Dylan Smith (born in Montreal) is a Canadian actor known for his portrayal of the characters Sepp on TNT's I Am the Night, Jasper in Maze Runner: The Death Cure, Daniel in Lemonade, and Largo Brandyfoot in The Lord of the Rings: The Rings of Power.

Early life 
Dylan Smith is the son of Academy Award-nominated film director John N. Smith, and documentarian, Academy Award winner, and member of the Royal Canadian Academy of Arts Cynthia Scott.

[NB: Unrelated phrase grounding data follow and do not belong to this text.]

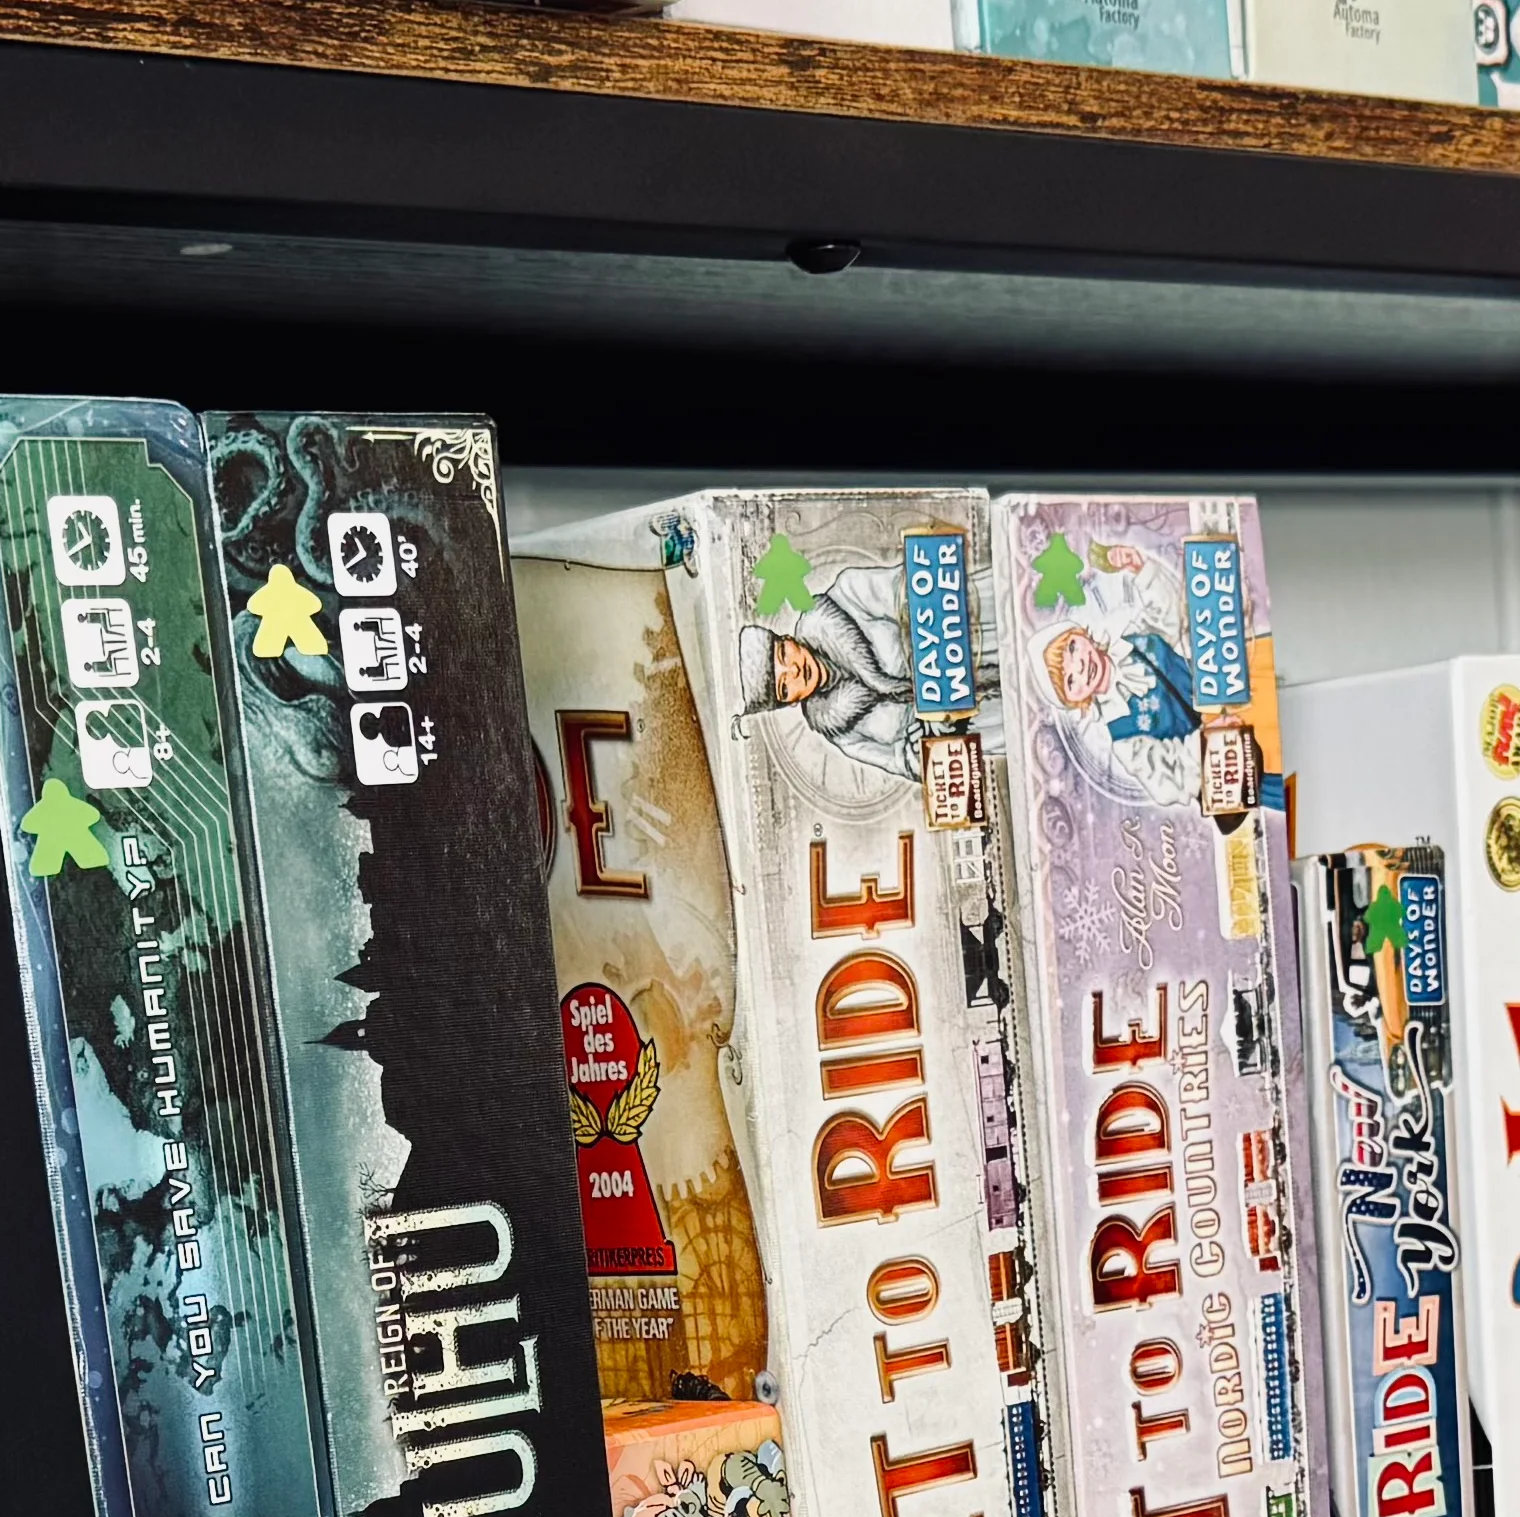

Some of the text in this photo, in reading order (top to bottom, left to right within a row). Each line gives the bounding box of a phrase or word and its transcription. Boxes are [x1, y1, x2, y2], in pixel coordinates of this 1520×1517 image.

[1099, 8, 1140, 31] Factory
[1334, 7, 1380, 25] Automa
[127, 548, 149, 583] 45
[140, 618, 162, 665] 2-4
[409, 623, 428, 674] 2-4
[911, 545, 941, 702] DAYS OF
[938, 544, 970, 701] WONDER
[1191, 550, 1218, 696] DAYS OF
[1214, 550, 1246, 696] WONDER
[154, 726, 174, 760] 8+
[420, 716, 439, 764] 14+
[949, 743, 965, 798] RIDE
[1150, 823, 1184, 931] Moon
[1406, 889, 1423, 993] DAYS OF
[1421, 885, 1440, 992] WONDER
[570, 995, 614, 1028] Spiel
[583, 1027, 614, 1054] des
[809, 829, 940, 1227] RIDE
[570, 1055, 628, 1084] Jahres
[122, 836, 231, 1504] CAN YOU SAVE HUMANITY?
[1089, 983, 1182, 1314] RIDE
[1178, 980, 1225, 1277] COUNTRIES
[1394, 1021, 1461, 1298] York
[589, 1171, 634, 1198] 2004
[1330, 1064, 1398, 1305] New
[370, 1254, 410, 1397] REIGN OF
[637, 1288, 680, 1310] GAME
[866, 1255, 951, 1403] TO
[1128, 1336, 1190, 1462] TO

He grew up playing ice hockey, getting a sports scholarship for college, but after an injury that made him change his career, he studied Theater at the University of Toronto.  There, he joined the Soulpepper Theatre Company.

Career 
Smith continued studying acting at Webber Douglas in London, England, where he took leading roles in TV shows like the British classic EastEnders, and in films such as Murder On The Orient Express.

Smith was cast in Private Lives on Broadway. There he met his wife, British theatre director Anna Ledwich.

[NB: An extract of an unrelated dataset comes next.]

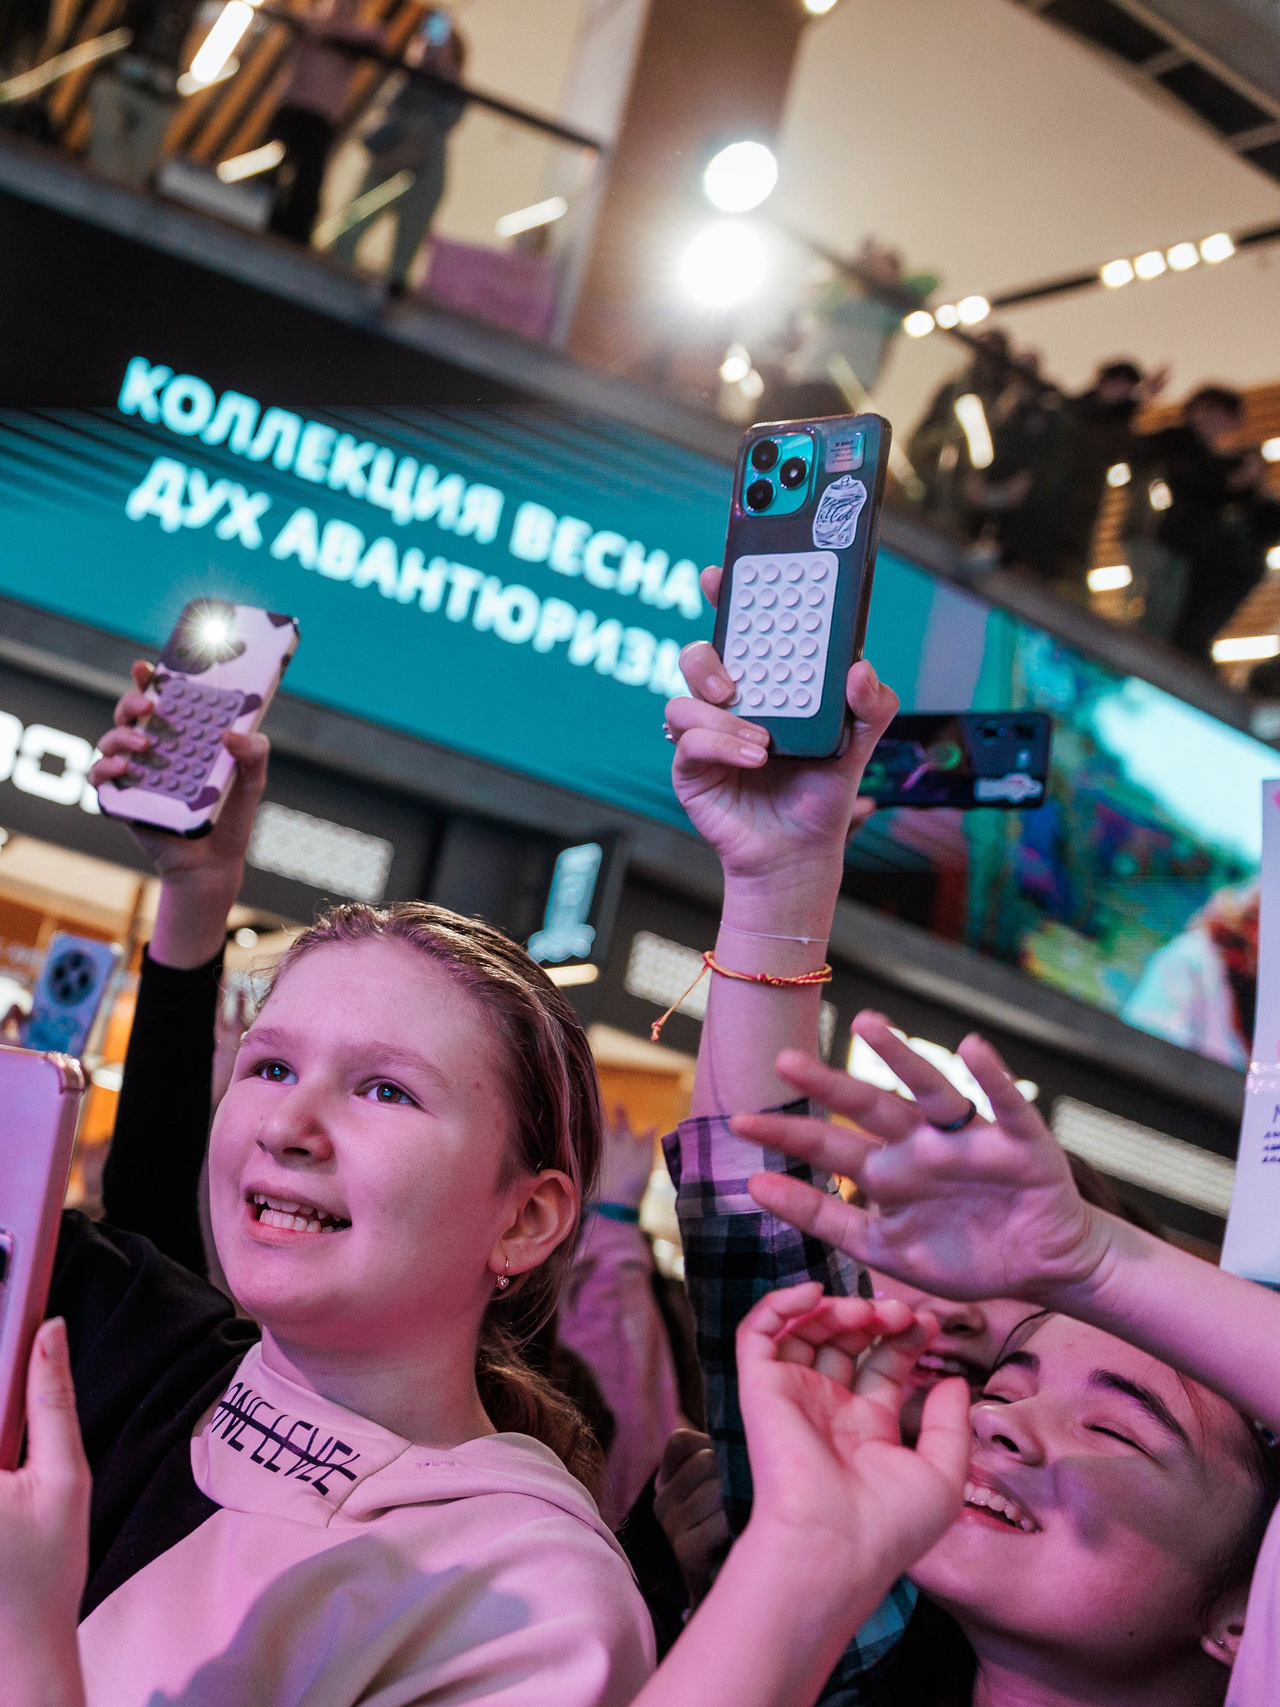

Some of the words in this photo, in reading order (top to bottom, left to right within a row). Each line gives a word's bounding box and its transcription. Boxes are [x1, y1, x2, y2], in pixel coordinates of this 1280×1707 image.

[118, 356, 504, 544] КОЛЛЕКЦИЯ
[510, 501, 702, 619] ВЕСНА
[125, 456, 271, 549] ДУХ

In his early work, Smith portrayed secondary characters in films like 300 (2006), Immortals (2011), and Total Recall (2012).
 
In 2016, Smith played the role of Lakan in Hulu film Dawn, and Tristam Blanchard in the BBC TV series Ripper Street.

In 2017, he portrayed the pilot in the film The Mummy, and Jenkins in the TV series Into the Badlands.

In 2018, his main roles were Jasper in Maze Runner: The Death Cure, and Daniel in Lemonade, a drama from Cristian Mungiu.

In 2019, Smith played the character of Sepp on TNT's I Am the Night.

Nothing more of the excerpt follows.